Maybe it's hard to imagine what could have changed so much that what made financial sense not even a year ago — spending about $336 million for the food-delivery company Bite Squad or investing in WeWork at a $47 billion valuation — can seem silly now.

The reality, of course, is that nothing changed. Those deals were silly then, too.

The recent massive write-down in value for the Minneapolis delivery company Bite Squad by the company that bought it earlier this year is just another part of the same collapse of magical thinking that buried the proposed public offering of WeWork's parent.

Capital had flooded into these companies based on their plan of growing as fast as possible, hoping to make money … someday. A reckoning was inevitable.

It's always hard to know why hype triumphs over prudence for a long time, but telling the difference when you are in the market seems difficult for even the best thinkers. But from a distance it never made sense that companies could be valued like explosively growing technology firms when they still relied on a lot of cars, expensive office space or people who needed to get paid.

It's clearly possible to make money in a service business that pays for thousands of people driving around in thousands of individual vehicles. That's pretty much what Ecolab Inc. does, for instance, and it's thriving. But it's not fundamentally a technology business.

The We Co. was so eager to mask that its WeWork rented out office space that it ripped off a concept from software and called its business "space as a service."

A technology business is just not like anything WeWork was doing. In software it might take what seems like a lot of money to get the first version in the hands of customers, but once enough are on board the profits should grow much faster than sales.

That's one way to think of a business idea called operating leverage, a measure of how much the profits will increase as sales grow. Growing software firms need more code writers to work on version 2.0 and customer-service people to handle more problems, but at some point a new software customer can be added at an additional cost of near zero.
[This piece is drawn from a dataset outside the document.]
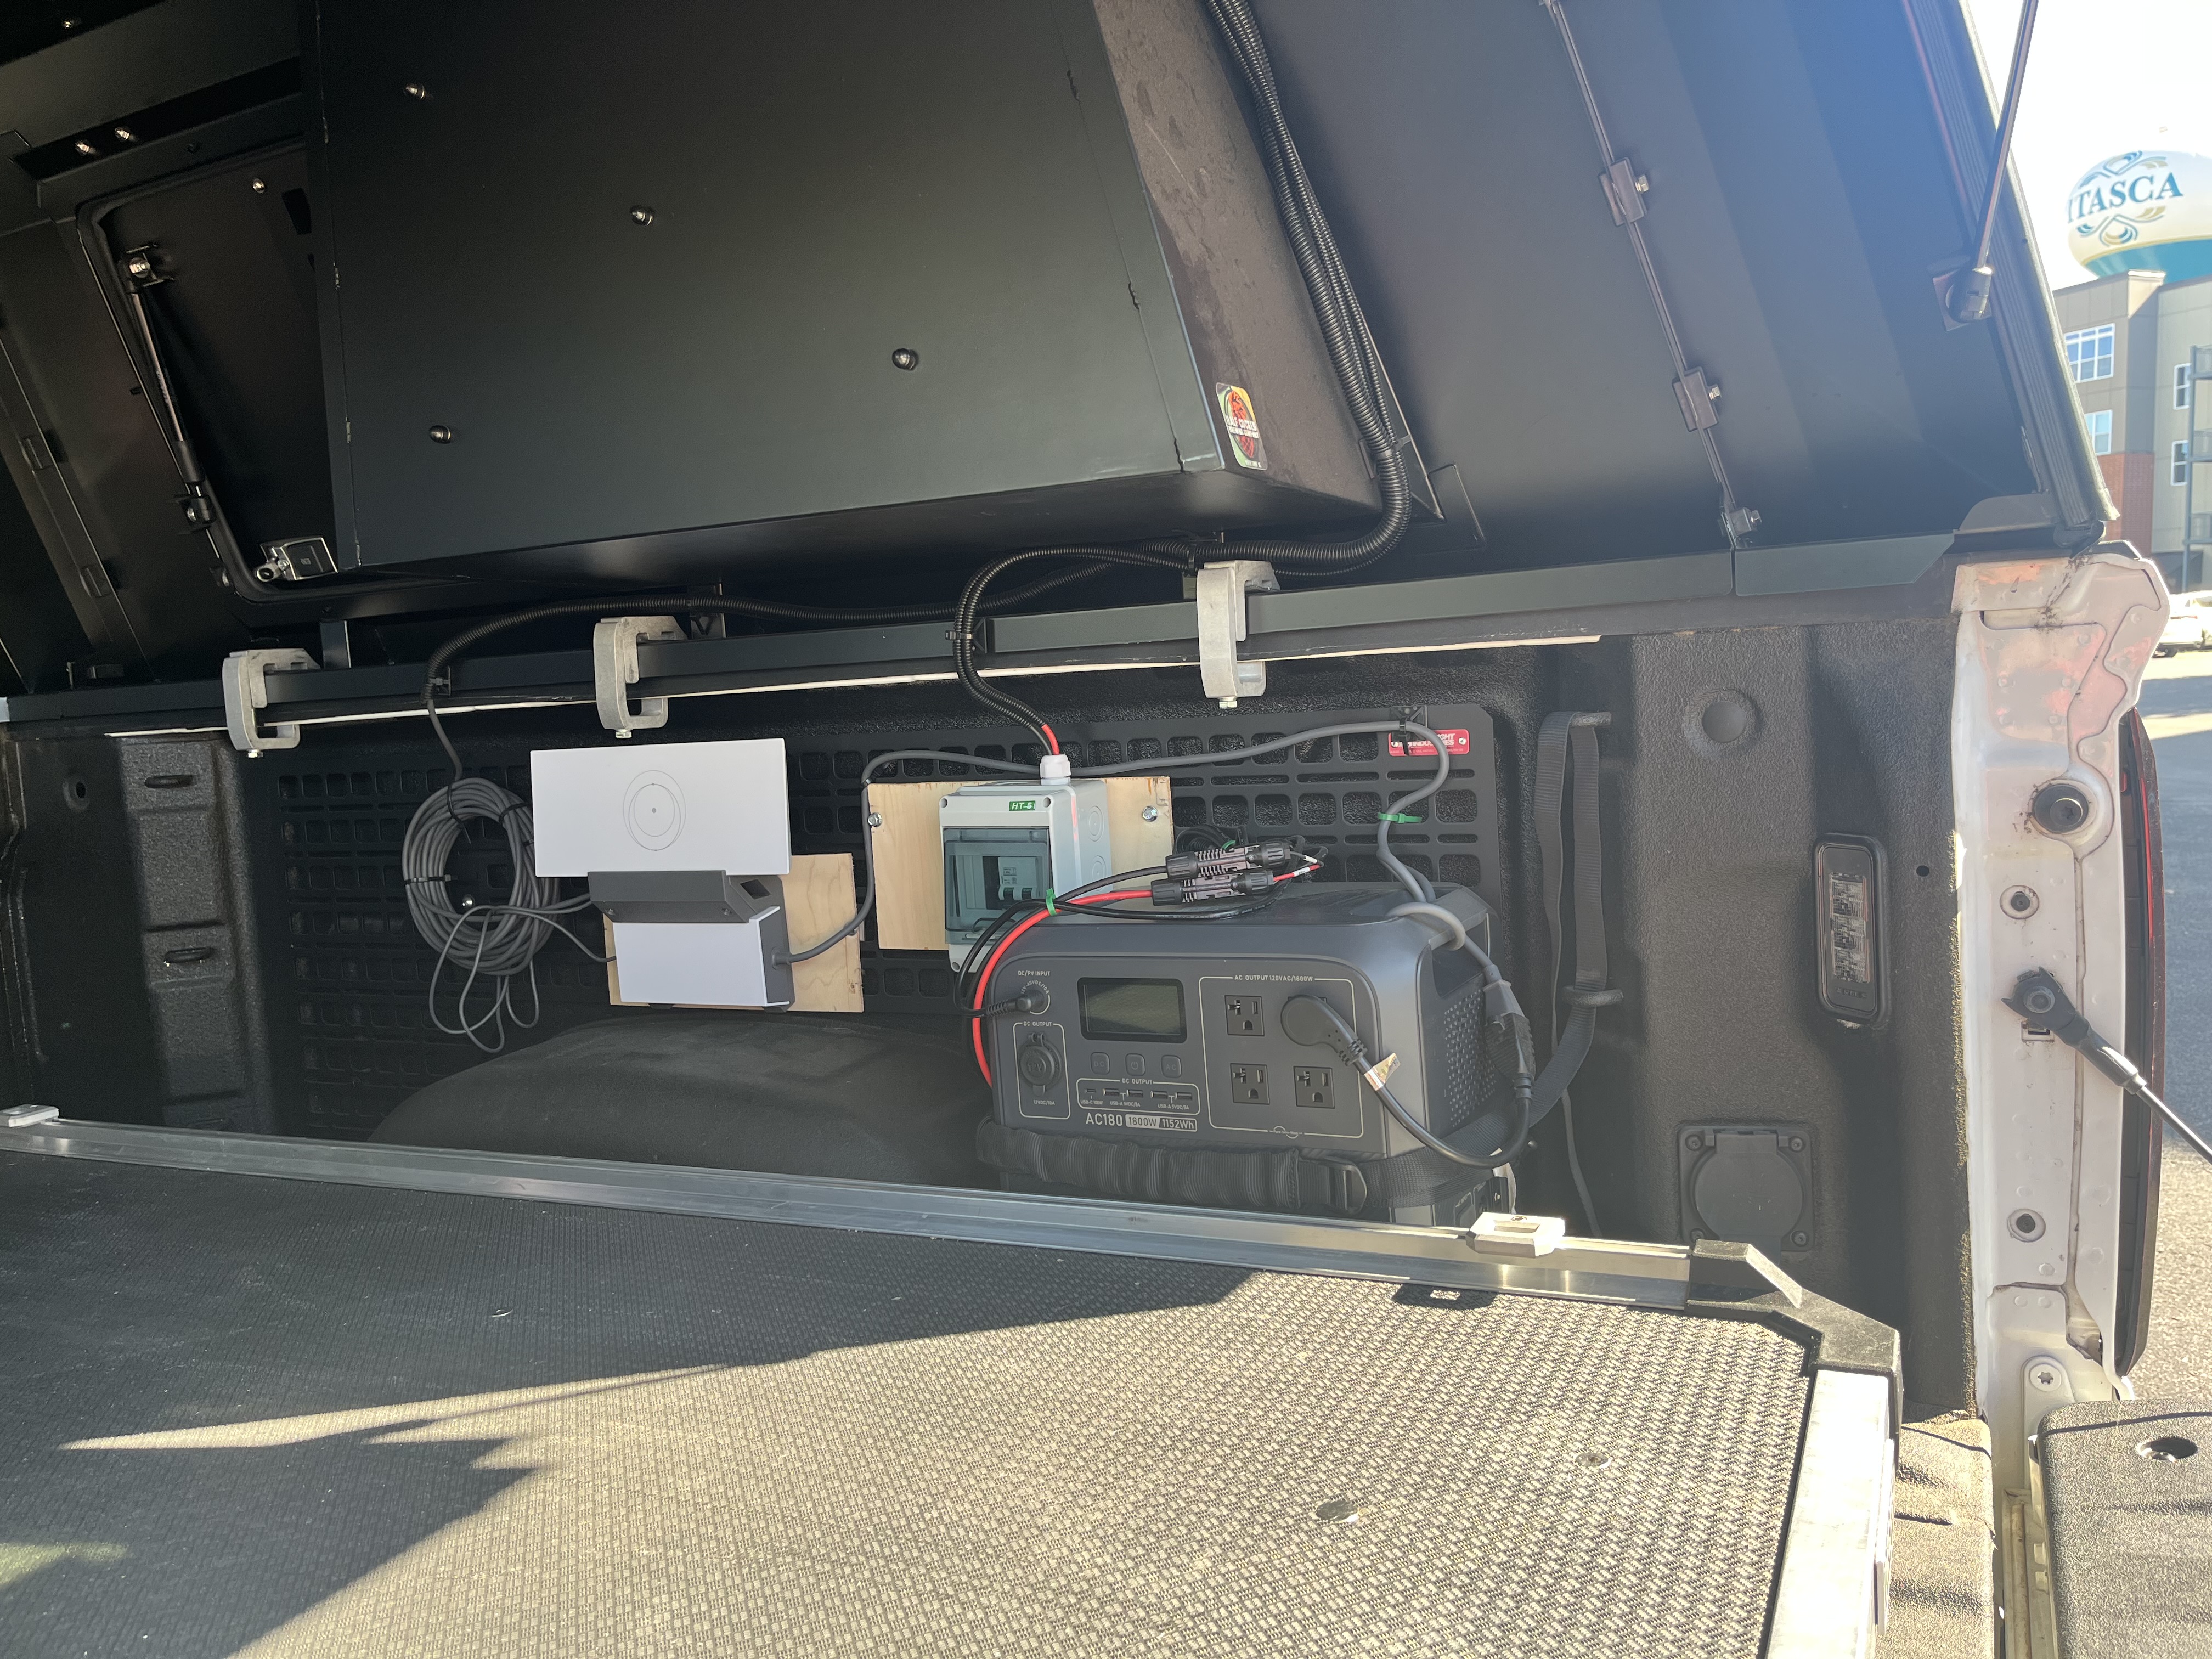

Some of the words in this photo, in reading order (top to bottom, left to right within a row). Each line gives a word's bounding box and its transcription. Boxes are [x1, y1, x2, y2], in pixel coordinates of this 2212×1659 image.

The boss can come in Monday morning and find that 100 new customers got some questions answered by a chat bot over the weekend and then downloaded the software and started a paid subscription.

No employee lifted a finger. Nothing shipped. The company could have been unprofitable at the close of business on Friday and profitable on Monday morning.
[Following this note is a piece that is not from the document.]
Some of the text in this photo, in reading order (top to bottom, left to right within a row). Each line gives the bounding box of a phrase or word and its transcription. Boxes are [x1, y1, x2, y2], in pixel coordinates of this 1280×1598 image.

You can see how a race would get going in this niche. Spending a lot now to grab customers might make sense, because as the market matures and the operating leverage really kicks in the rewards will go disproportionately to the biggest player.

That idea of getting big, fast, obviously infected the thinking of We Co. leadership in the short-term office rental market. But unlike in software with its favorable operating leverage, each incremental jump in growth for WeWork required a costly new office suite.

If the first 100 office suites weren't proven money­makers, signing a costly, long-term lease for the 101st wasn't going to make the difference.

The business of delivering meals seems to have a similar challenge, as it's a people-intensive service business.

The industry is so new that in doing research the graphs only seem to go back to around 2010. Back 10 years ago, at least in our region, hungry customers could get a pizza delivered and that was about it. It was absurd to think anyone would use a car to deliver a hamburger and fries.

Yet the business boomed, and the creators of Bite Squad deserve our respect for building one of the winners. In January, the Louisiana-based company Waitr Holdings Inc. closed on its acquisition of Bite Squad.

About $197 million of the $336 million was paid in cash to Bite Squad's owners. Waitr also paid about 10.6 million Waitr shares, valued at $11.95 each. Because there were so few real assets for Waitr to buy, by far most of the purchase price was allocated to "intangibles" like trade names or customer lists and what's called goodwill.

Last week Waitr said it was writing down the carrying value of intangible assets by $192 million, just coincidentally about what it paid in cash for the deal.

Bite Squad owners who received stock, public filings show, couldn't sell any shares at least before midsummer. By then the Waitr share price had already been cut in half, and this week shares were down to less than 25 cents each.

But it's an industry problem, not just a Waitr problem.

What Chicago-based Grubhub talked about after its own disappointing quarter was its strategy of being an advertising arm for restaurant owners, not just a delivery service. But from reading the trade press you can see how those owners think of delivery as a mixed blessing. The orders are often disruptive for the kitchen, the fees feel like gouging and it's not clear what a delivery service does for building customer loyalty.

The reality is that growth is slowing and there's not nearly enough to differentiate these services. And because of all the costs of the people in these operations, the boom seems to be ending before these companies have gotten consistently profitable.

Earlier this year executives of unprofitable Waitr announced a program they called the "Path to Profitability." Among other things that has meant shedding employees in Minneapolis.

Making money sounds great, of course, but I've worked at a place where even proposing that we pitch investors on some sort of plan to make money someday might have gotten me fired. The job is to earn a profit today.

And much like WeWork, the language of the delivery guys reflected some magical thinking. At Grubhub, apparently one key management measure is "Daily Average Grubs." Seriously.

The fun now seems to be over. This week Bloomberg reported that Grubhub has become the most profitable "short" sale in the stock market this year, meaning the trade that makes money if the share price declines.

Only the rosiest of tinted glasses would make Grubhub shares look like a buying opportunity now — although I guess by the valuation ratio of price-to-Grubs, Grubhub's stock might never have been cheaper.